The most important aspects of intellectual property law firms’ activities are detailed below.

Advice on the registration of intellectual property rights

Law firms assist companies in filing trademarks, patents and designs by:

  • Conduct a thorough search to identify potential conflicts with existing IP rights.
  • Inform the applicant about the chances of success of the application and about the choice of the right type and class of IP rights.
  • Prepare and file the necessary documents and applications for filing with the relevant office (German Patent and Trademark Office, European Patent Office, WIPO, etc.).

Representation in infringement proceedings and assertion of property rights

Law firms represent their clients in infringement proceedings in court or in out-of-court negotiations by:

  • Analyzing the legal situation and developing a strategy to enforce or defend intellectual property rights.
  • Identifying IP rights infringements and gathering evidence to prove infringement.
  • Asserting claims for injunctive relief, damages or disclosure and holding infringers accountable.

Advice and representation in arbitration and mediation proceedings.

In many cases, intellectual property disputes can be resolved through alternative dispute resolution processes, such as arbitration or mediation. Law firms can advise and represent clients in such proceedings to avoid costly and lengthy litigation.

Assistance in managing and monitoring intellectual property portfolios

Law firms can help companies efficiently manage and monitor their IP portfolios by:

  • Monitoring the validity period and renewal dates of IP rights and taking appropriate action in a timely manner.
  • Advising companies on the strategic direction and optimization of their IP portfolios.
  • Ensuring compliance with legal requirements and formalities.

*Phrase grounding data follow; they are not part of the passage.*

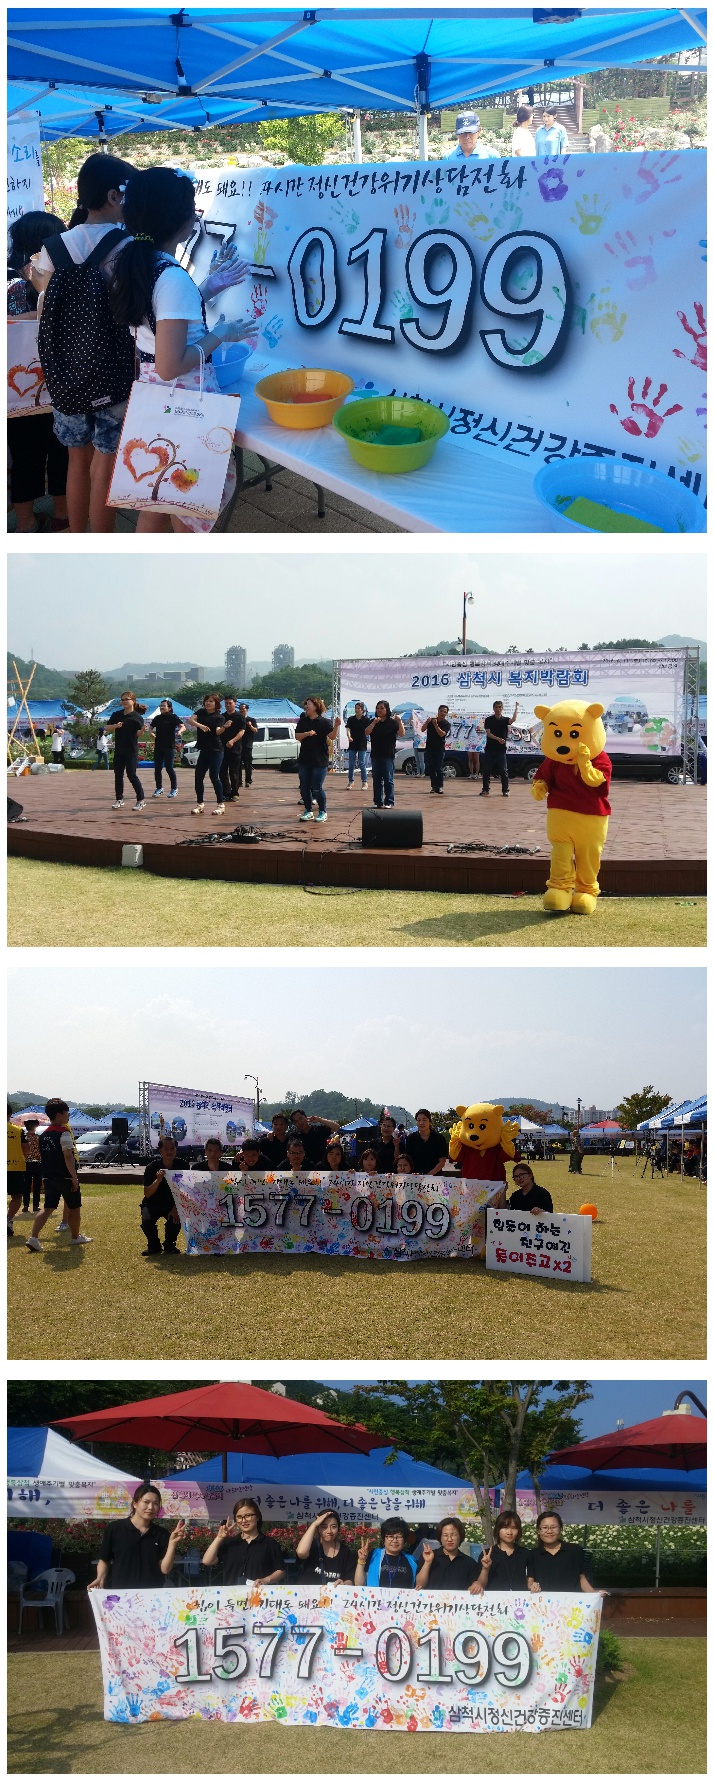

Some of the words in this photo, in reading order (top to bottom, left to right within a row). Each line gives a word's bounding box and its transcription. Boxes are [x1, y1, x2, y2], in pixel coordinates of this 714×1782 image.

[411, 674, 450, 688] 2016
[457, 671, 502, 689] 삼척시
[508, 669, 589, 688] 복지박람회
[219, 1192, 451, 1240] 1577-0199
[535, 1222, 560, 1236] 하는
[264, 1494, 288, 1509] 좋은
[289, 1496, 313, 1510] 나를
[343, 1499, 355, 1508] 더
[357, 1497, 379, 1511] 좋은
[380, 1497, 403, 1512] 날을
[404, 1499, 426, 1511] 위해
[587, 1501, 604, 1512] 더
[615, 1499, 651, 1515] 좋은
[661, 1500, 697, 1516] 나를
[342, 1599, 382, 1611] 24시간
[174, 1625, 532, 1688] 1577-0199
[448, 1705, 583, 1727] 삼척시정신건강증진센터
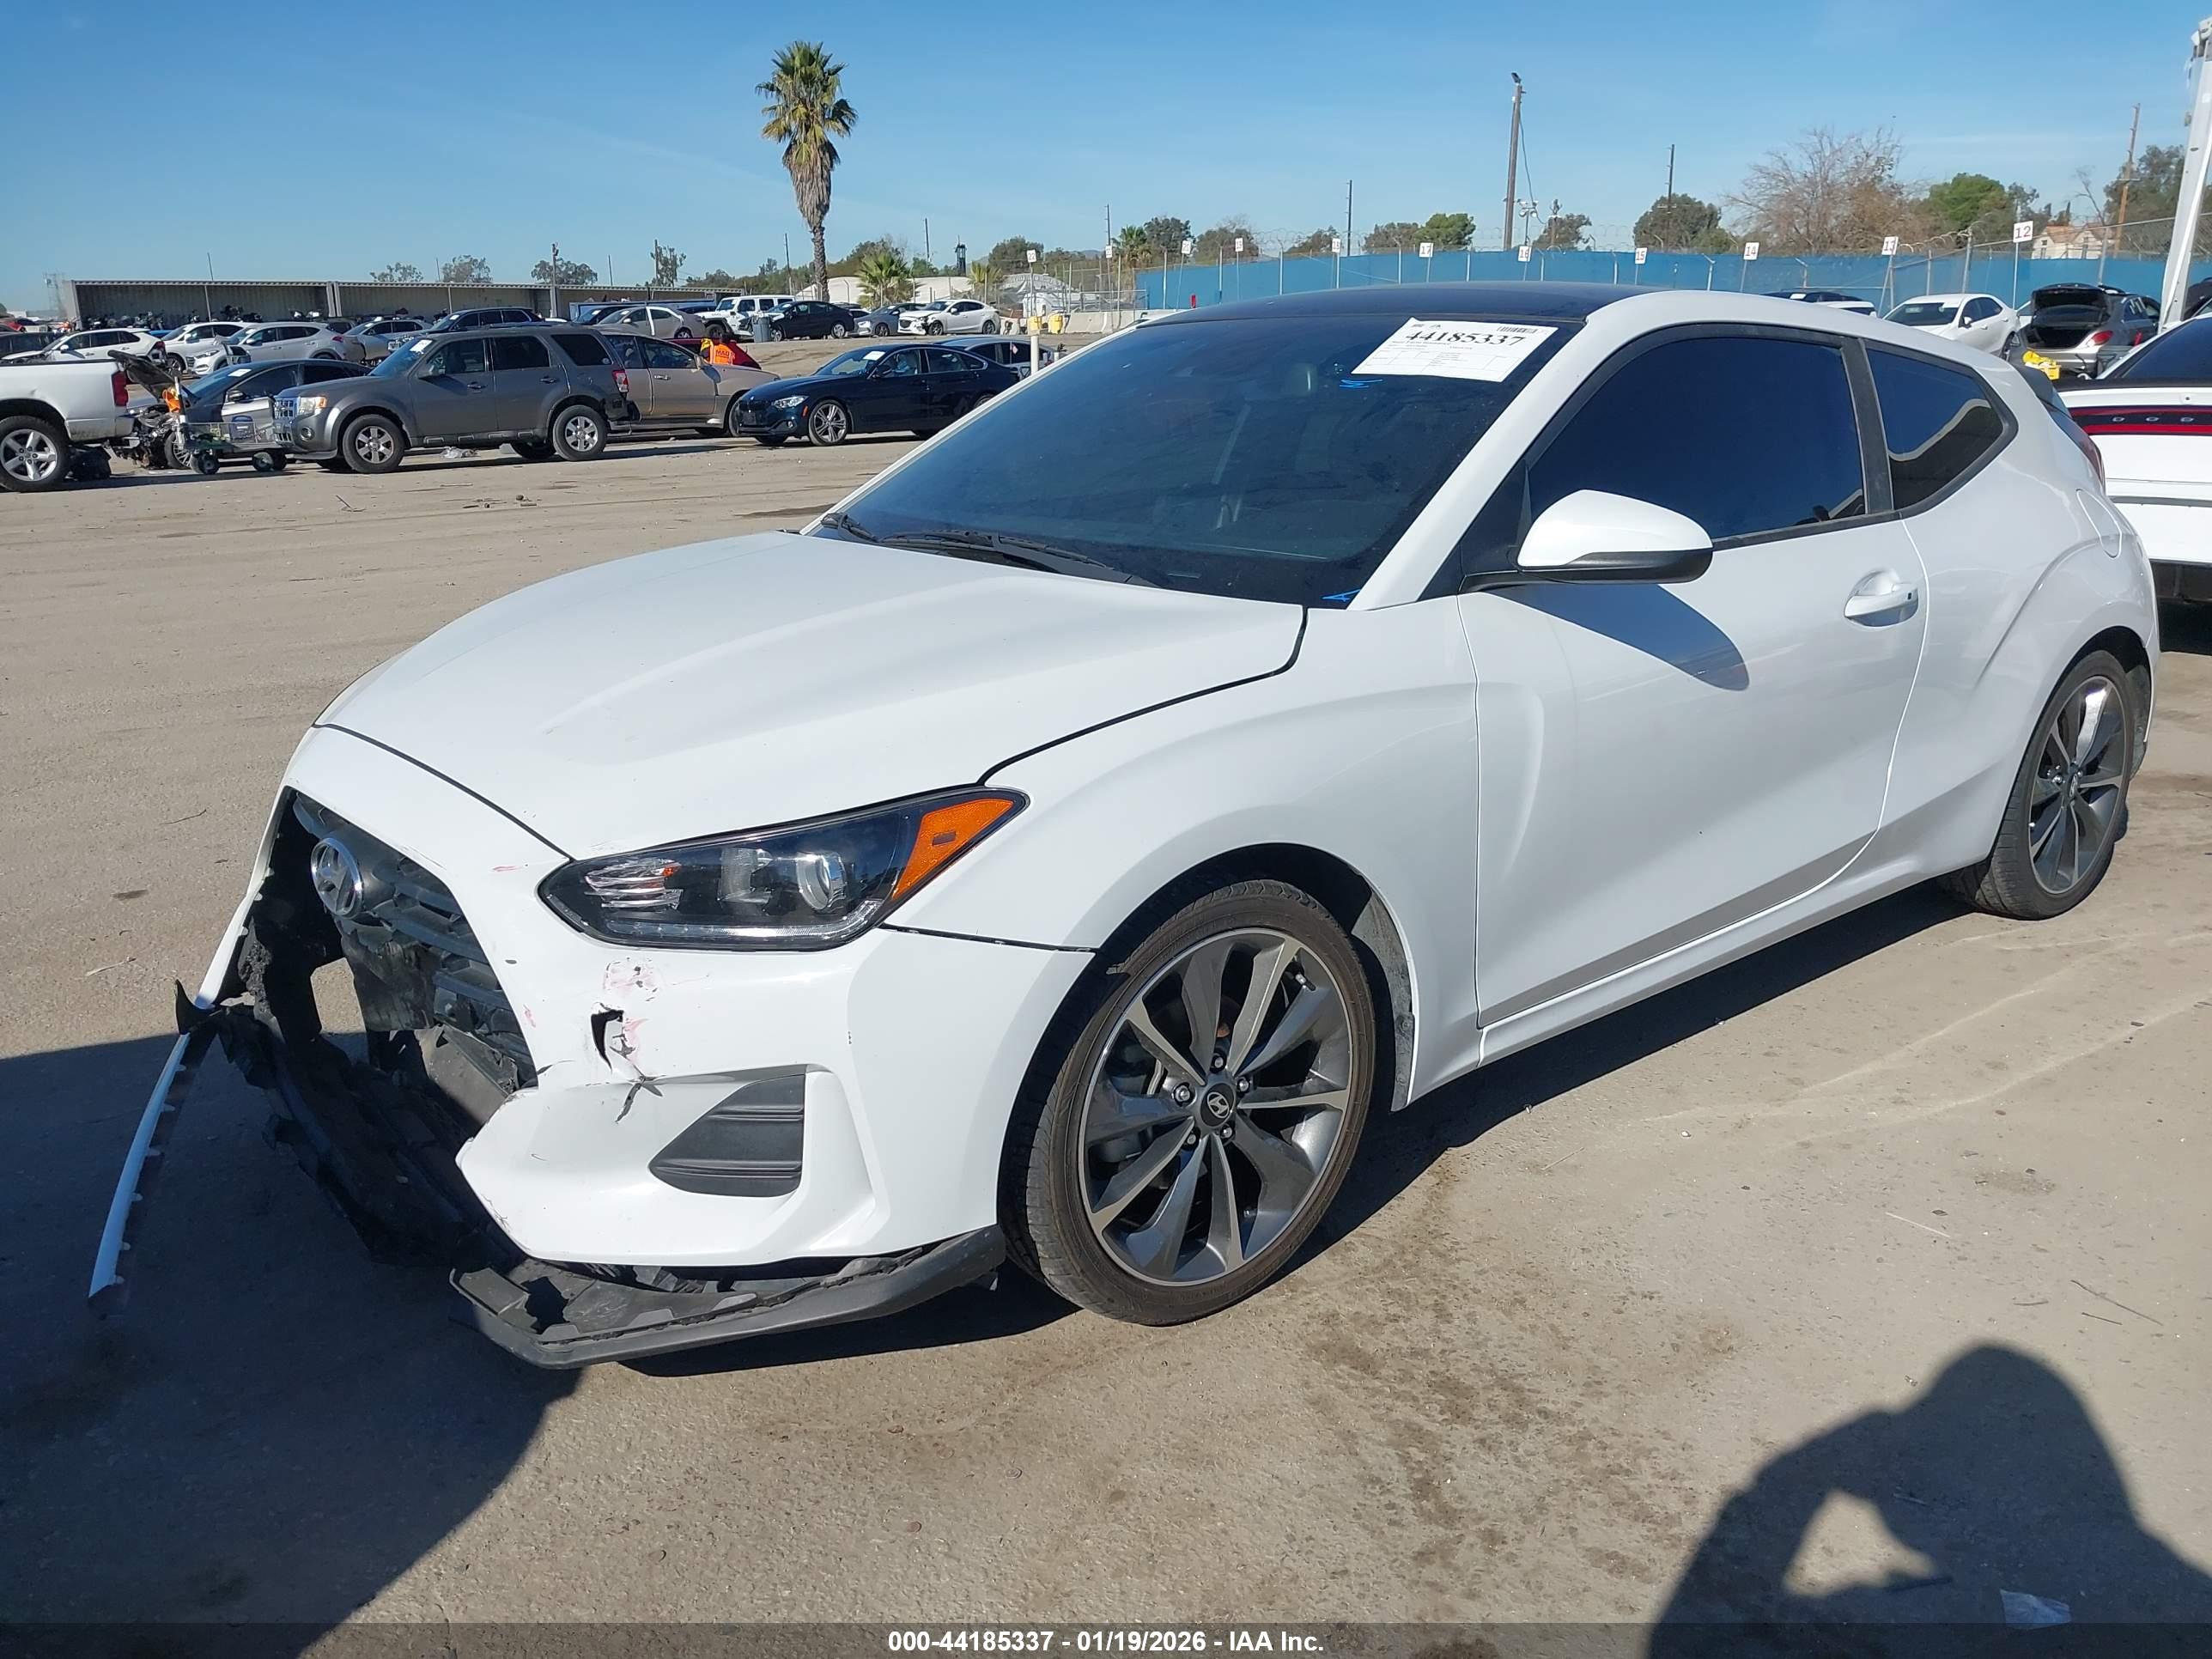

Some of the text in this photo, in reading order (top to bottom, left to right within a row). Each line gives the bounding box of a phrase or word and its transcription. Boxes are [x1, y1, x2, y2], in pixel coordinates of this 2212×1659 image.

[2014, 225, 2032, 240] 12
[1421, 246, 1431, 254] 17
[1746, 246, 1756, 257] 14
[1883, 240, 1896, 252] 13
[1636, 252, 1645, 261] 15
[1406, 331, 1526, 347] 44185337
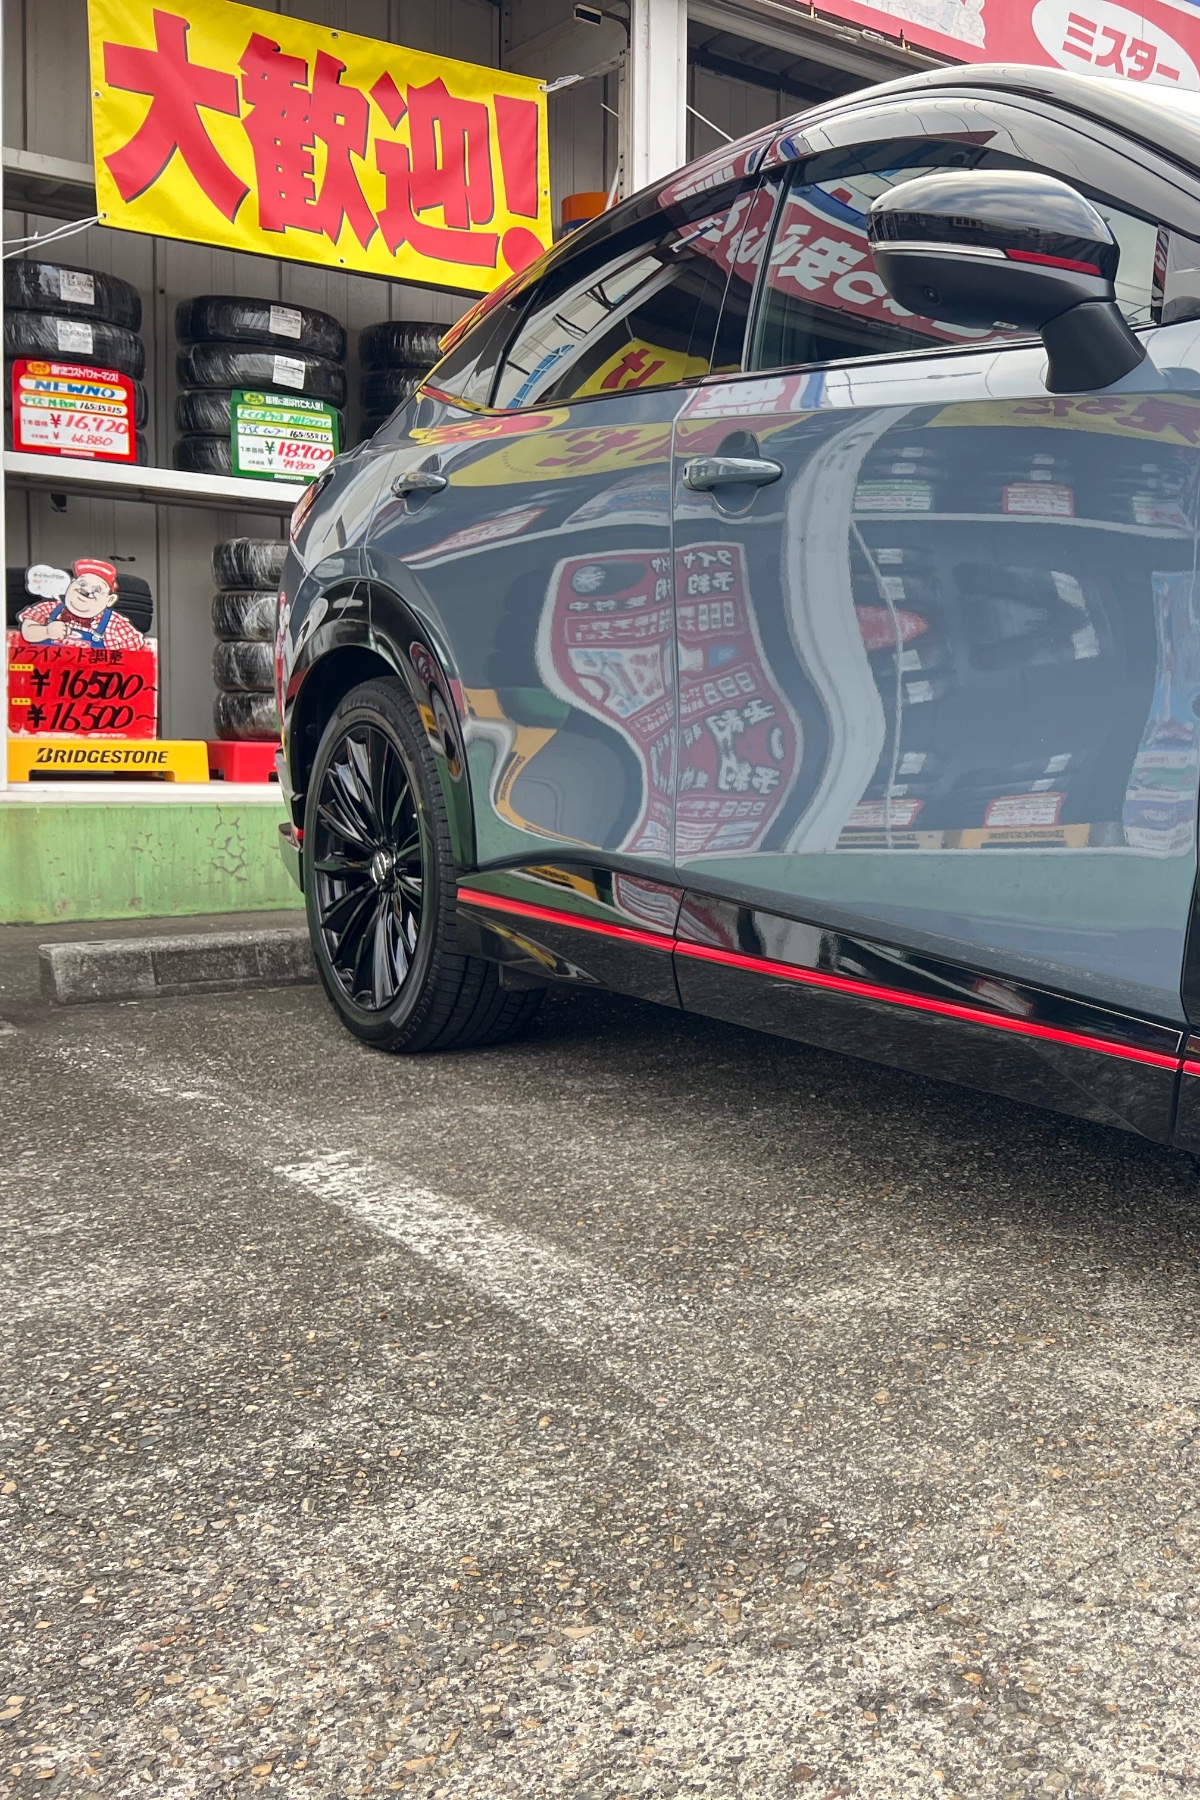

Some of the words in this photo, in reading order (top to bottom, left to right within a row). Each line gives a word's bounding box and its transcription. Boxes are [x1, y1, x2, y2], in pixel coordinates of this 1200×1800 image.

Intellectual Property Rights: Current case law and its significance

IP case law is constantly evolving as technologies, business practices, and legal frameworks continue to evolve. Current court rulings are of great importance as they influence the interpretation and application of laws in practice and are thus of interest to companies as well as lawyers and patent attorneys.

Industrial property and trademark law

ECJ, Judgment of June 14, 2017 – C-421/13: The question of the protectability of the shape of the “Rubik’s Cube” as a three-dimensional trademark. The ECJ ruled that the shape of the “Rubik’s Cube” cannot be protected as a trademark because it contains a technical solution reserved for patent law.

Industrial property and patent law

BGH, judgment of February 14, 2017 – X ZR 120/15: The question of patentability of computer-implemented inventions. The BGH found that computer-implemented inventions can in principle be patentable, provided they make a technical contribution to solving a problem.

Industrial property and design law

ECJ, Judgment of 21 June 2018 – C-163/16: The question of whether sneaker designs by Christian Louboutin with red soles can be protected as registered Community designs. The ECJ ruled that the red sole can be protected as a positional mark, as it has a high recognition value and can therefore serve as an indication of origin for Christian Louboutin’s products.

These examples show that current IP case law is diverse and dynamic. Companies active in the field of industrial property protection should therefore continuously keep abreast of current court rulings and, if necessary, adapt their strategies and business practices in order to minimize legal risks.

Intellectual Property Rights: What you should pay attention to

Industrial property protection plays a crucial role for companies that want to secure and maintain their intellectual creations and competitive advantages. The various areas of law – trademark law, patent law and design law – provide comprehensive protection for different aspects of intellectual property and enable companies to defend their valuable assets.

To ensure the best possible protection and effective enforcement of their rights, companies should rely on the cooperation of experienced attorneys and patent attorneys who have expertise in the respective fields of law and knowledge of national and international regulations.